The project included a scientific validation process for the sensors divided into four phases:

  1. to begin with, collection of an adequate number of food samples from dairy farms;
  2. following that, analysis of the samples at the NMR and GC-MS spectrometry laboratories of the University of Cagliari;
  3. at the same time, analysis of the same samples with molecular sensors currently available on the market;
  4. finally, validation of the results obtained.

We have tested 2 of the 3 sensors that were winners in 2016 of the European Horizon Price Food  scanner award. We had tow objectives. Firstly, to analyze the sensitivity level of the sensors and validate how they function. And then understand if they could be used by micro and small agri-food businesses.


The sensors used in the project are: SCiO (www.consumerphysics.com) and Tellspec (www.tellspec.com).
The sensors communicate with the user’s smartphone via the Bluetooth connection.

Both sensors use NIR (Near-Infrared Spectroscopy) technology but operate in different wavelength ranges (SCiO: 750-1040 nm; Tellspec: 900-1700 nm).

From a technical point of view, the sensors consist of a light source that irradiates the food sample. Then an optical sensor (spectrometer) converges the rays of light reflected by the sample. After that it returns a spectrum that is used for the final analysis of the sample.

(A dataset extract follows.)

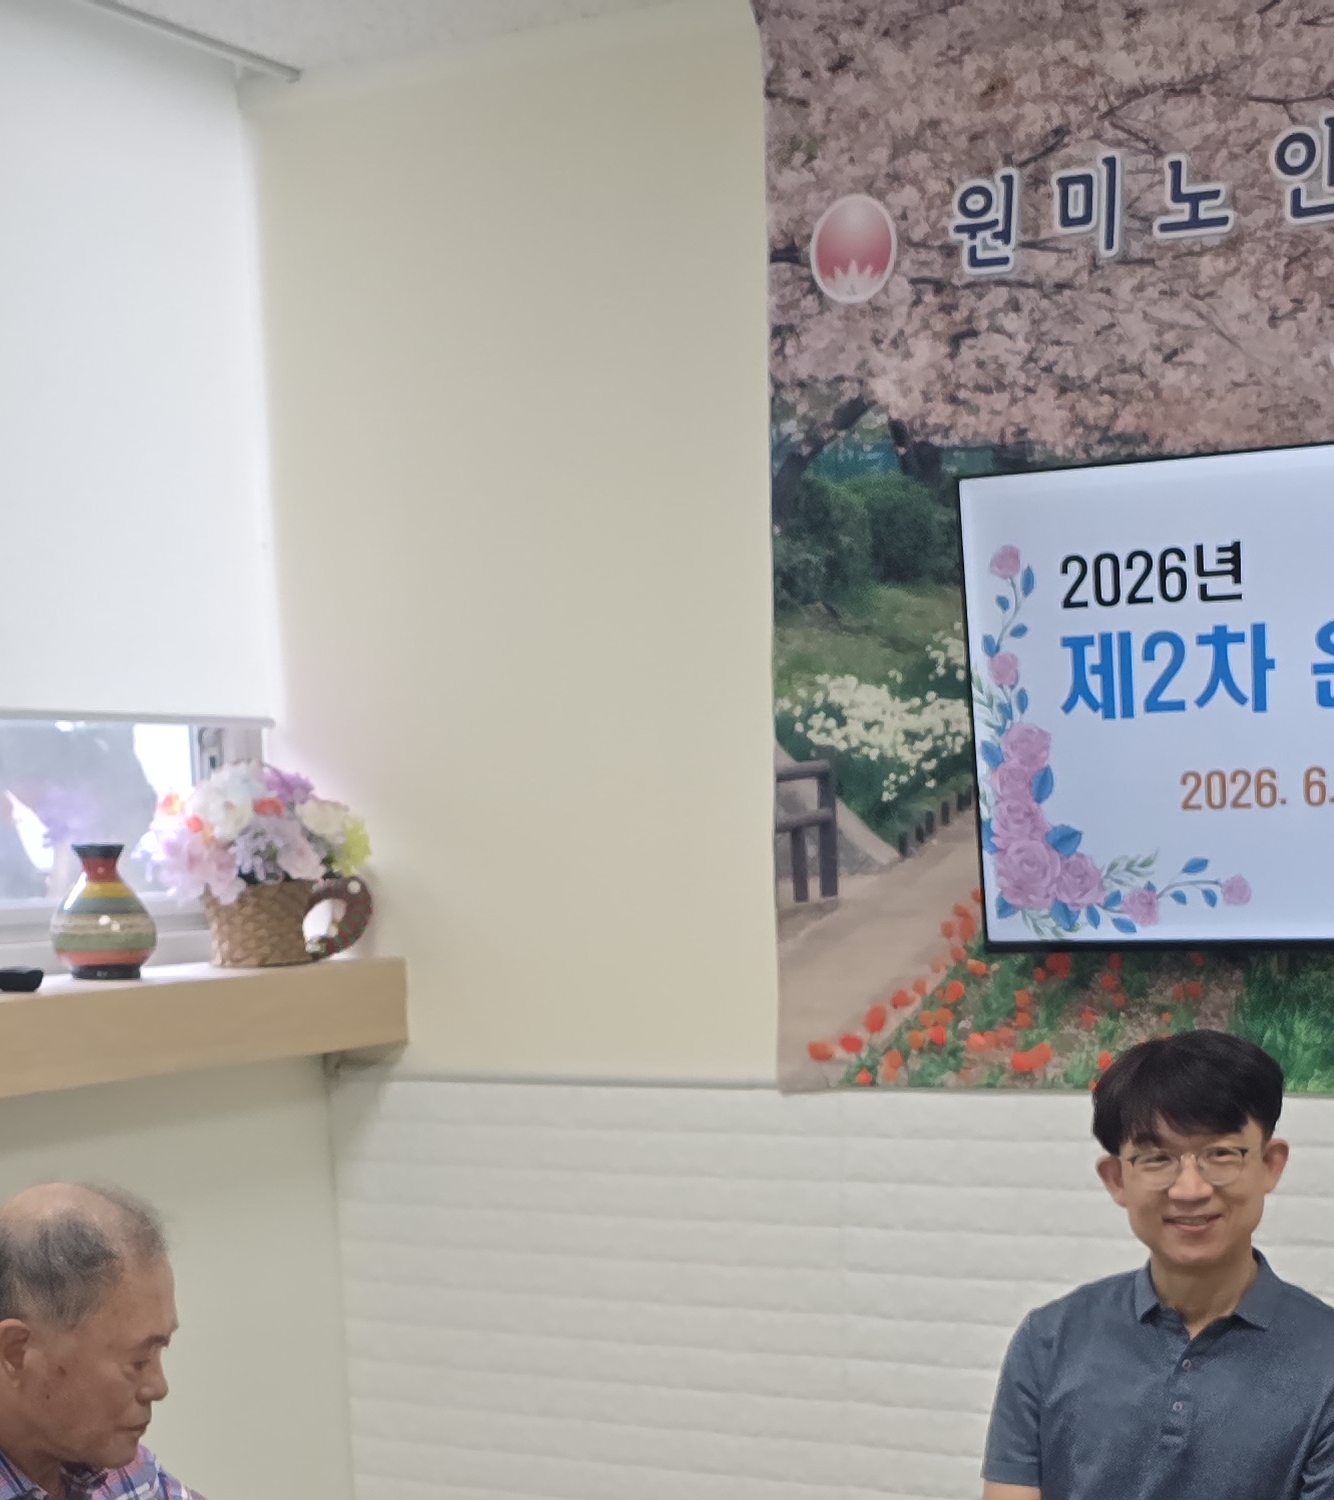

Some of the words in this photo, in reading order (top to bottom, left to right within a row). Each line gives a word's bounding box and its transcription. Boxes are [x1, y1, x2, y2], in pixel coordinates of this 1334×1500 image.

In the SANUM project we involved three dairy farms and a multifunctional farm located in different parts of the territory. Between December 2017 and July 2018, we analyzed various types of milk (goat, sheep and mixed sheep-goat) and cheese.
We analyzed 67 samples corresponding to 16 different products and we obtained a total of 2319 spectra. To put it in another way, these spectra can be considered as a fingerprint of each product.

Sanum: products

To manage all this data, visualize and track our experiments we have created a database (ScanDB). And then NurScan, a software with a web interface to easily visualize the data.


On the collected samples we have run data-mining analysis. To do that we used the tools offered by the “TheLab” application on the Consumer Physics website (developer of the SCiO sensor).

TheLab allows you to perform a PCA analysis (Principal Component Analysis) on the spectra and view the results in graphical form.

The figure shows an example of a PCA made on a group of 4 different cheeses, that we can visually identify without problem.

PCA 4 cheese

In PCA analyses we look for “clusters” or clouds of data that have the same properties. We made this kind of analysis on all the samples. It has allowed us to filter all the anomalous spectra (outliers). Therefore we could proceed and clean up the data for the subsequent creation of the models.


A data-mining model is created by applying an algorithm to the data. It is a set of data, statistics and schema that are then applied to new data. As a result, the model generates predictions and inferences about relationships. With the samples and data collected we created a classification models to test the validity of the approach. We used the model generation tool in “TheLab” using the same 4 cheeses shown in the PCA. In the figure we see the expected performance of the classification model (the so-called “confusion matrix”).

Model 4 cheese

However, to develop a more precise model, we will need to analyze a larger number of samples for each type of cheese.

The SANUM project (2017-2018) was funded by the European Union with the support of the Autonomous Region of Sardinia and Sardegna Ricerche (POR FESR Sardinia 2014-2020).